McGrath and Fuel could have just put the show online and invited audiences to sign up, and it would probably have been less bother, but McGrath saw the Love Letters tour as “a playful way of experimenting with a different touring model and helping venues across the country to maintain relationships with audiences”.
Different venues are using the available tickets in different ways, with some offering them first to the most regular attendees, others focusing on those who are most isolated. The Brighton Festival has instigated a ballot to cope with demand, but for many of the dates it is also possible for anyone to book the remaining tickets and experience the show from wherever they are in the world.
But partnering with venues is no gimmick. After spending several weeks talking about “what we are not going to do” and unproducing (that unlovely word that has now entered the theatrical lexicon as a result of shows having to be prematurely closed down and projects unpicked) McGrath is enjoying the prospect of once again offering something to audiences and venues. The model has been kept simple to involve minimal risk and minimal paperwork and administration with most of it falling on Fuel. That’s essential for tiny venues such as Alphabetti in Newcastle where everyone is furloughed.
“Venues have been really open to the idea. Only one said no. They were excited to have something they could offer their audiences. It’s a testament to the spirit in which the industry is approaching this crisis and wanting to try things out,” says McGrath. “This is a period when experiment is to be embraced, and there is a lot to be found out by doing this and we are going to share everything we learn with the industry. Will the show work online? Who will come? Can the donation model work and generate income?”

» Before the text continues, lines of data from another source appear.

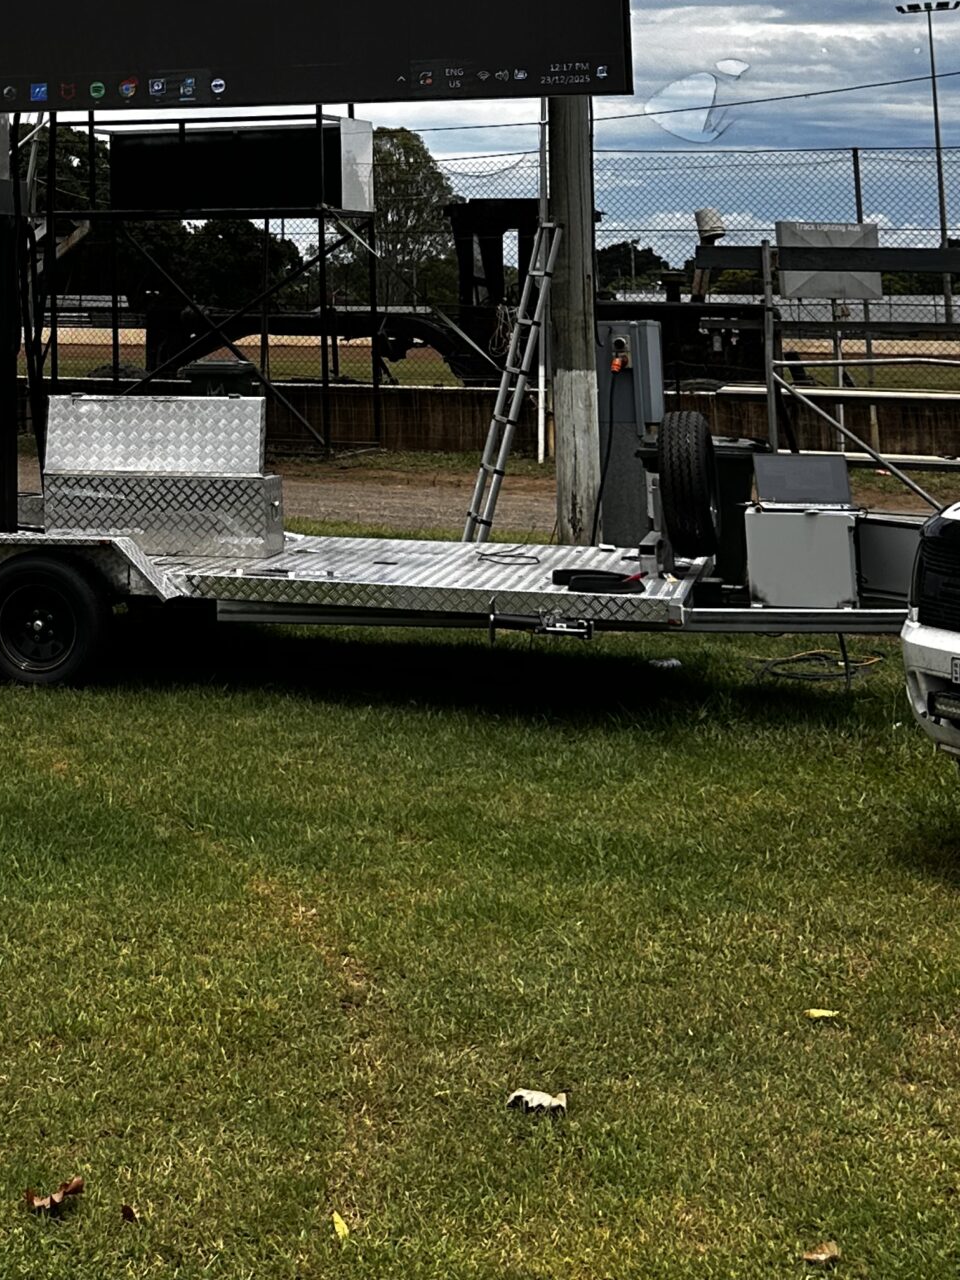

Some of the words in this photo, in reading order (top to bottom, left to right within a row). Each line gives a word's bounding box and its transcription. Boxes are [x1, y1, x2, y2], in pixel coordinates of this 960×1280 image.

[445, 68, 464, 76] ENG
[550, 64, 573, 72] 12:17
[449, 80, 461, 88] US
[796, 223, 816, 232] Track
[817, 223, 846, 234] Lighting

The latter question is obviously crucial at the current time. McGrath says that overnight Fuel, which is a national portfolio organisation, lost 74% of its income. But she reckons Fuel is luckier than many because of the relationships it has forged with artists, co-producers and venues over many years.
‘We have a big job to do in reconnecting people and imagining the future’

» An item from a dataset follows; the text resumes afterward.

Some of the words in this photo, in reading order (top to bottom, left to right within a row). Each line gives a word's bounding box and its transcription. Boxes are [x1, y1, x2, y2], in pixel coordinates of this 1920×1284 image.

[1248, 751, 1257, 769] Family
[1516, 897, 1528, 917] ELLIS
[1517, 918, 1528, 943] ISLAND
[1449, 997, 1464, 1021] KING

As to whether Love Letters Straight from the Heart works online – it does. I saw a preview and, of course, watching on Zoom is a different experience from being in the same room as the performers and the rest of the audience. For a start it is really hard to gaze into someone else’s eyes on Zoom. But it is still enormously potent and emotionally rich and there is an added dimension around the painful intimacy of participating in your own home at a time when many of us are separated from those we love most.
“We were nervous about whether it would work and initially we tried it out very quietly and privately to see,” says McGrath, “but we discovered that it did, and I think that’s because the audience members are such an integral part of the show. Their contributions are crucial. It’s their dedications that make it so moving. It’s as if by writing them but putting them into the mouths of the performers it frees the audience up so they say the things they really feel but might never say out loud themselves. It is a life-affirming piece of work.”
It is also one that feels like a sprinkle of optimism in dark times. McGrath understands the anxieties of the theatre industry at the moment, and doesn’t underestimate the financial catastrophe that venues, companies and individual freelancers are facing. But she argues theatre must explore new ways and new models, and the Love Letters tour is part of that.
“Theatre has a job to do in the new world we will be moving into,” says McGrath. “We will need support from the government to survive, but if we can secure that we have a big job to do in reconnecting people and imagining the future. It’s not going to be easy, but I’m an optimist.”